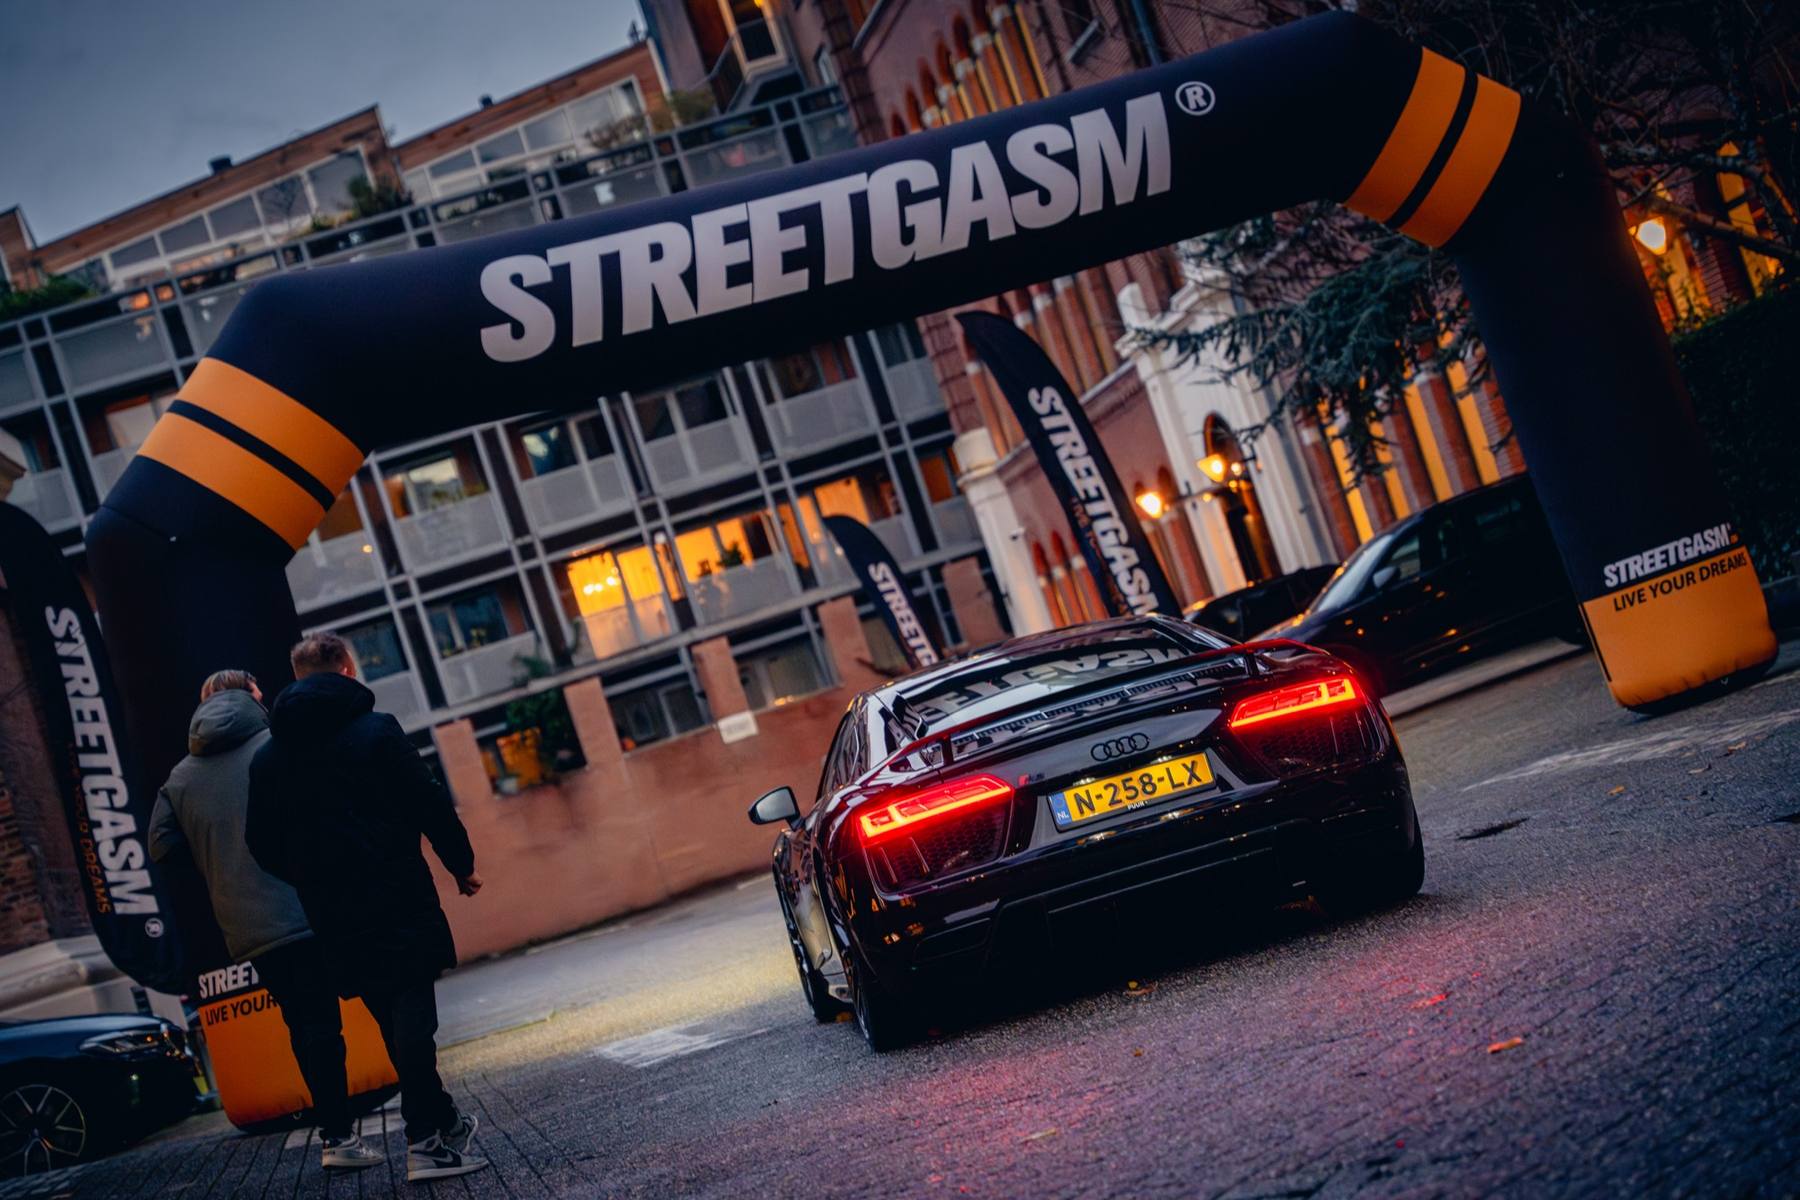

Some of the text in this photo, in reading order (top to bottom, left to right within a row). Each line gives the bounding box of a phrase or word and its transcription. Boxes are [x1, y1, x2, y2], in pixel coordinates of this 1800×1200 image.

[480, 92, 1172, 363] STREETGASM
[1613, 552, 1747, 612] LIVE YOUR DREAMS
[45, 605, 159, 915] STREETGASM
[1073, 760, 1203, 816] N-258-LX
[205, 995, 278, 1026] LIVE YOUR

**WORK REQUEST**
Set down the entries above word for word, but drop any image.

**RESULT BELOW**
Some of the text in this photo, in reading order (top to bottom, left to right within a row). Each line gives the bounding box of a phrase or word and its transcription. Boxes are [x1, y1, x2, y2], in pixel coordinates of this 1800×1200 image.

[480, 92, 1172, 363] STREETGASM
[1613, 552, 1747, 612] LIVE YOUR DREAMS
[45, 605, 159, 915] STREETGASM
[1073, 760, 1203, 816] N-258-LX
[205, 995, 278, 1026] LIVE YOUR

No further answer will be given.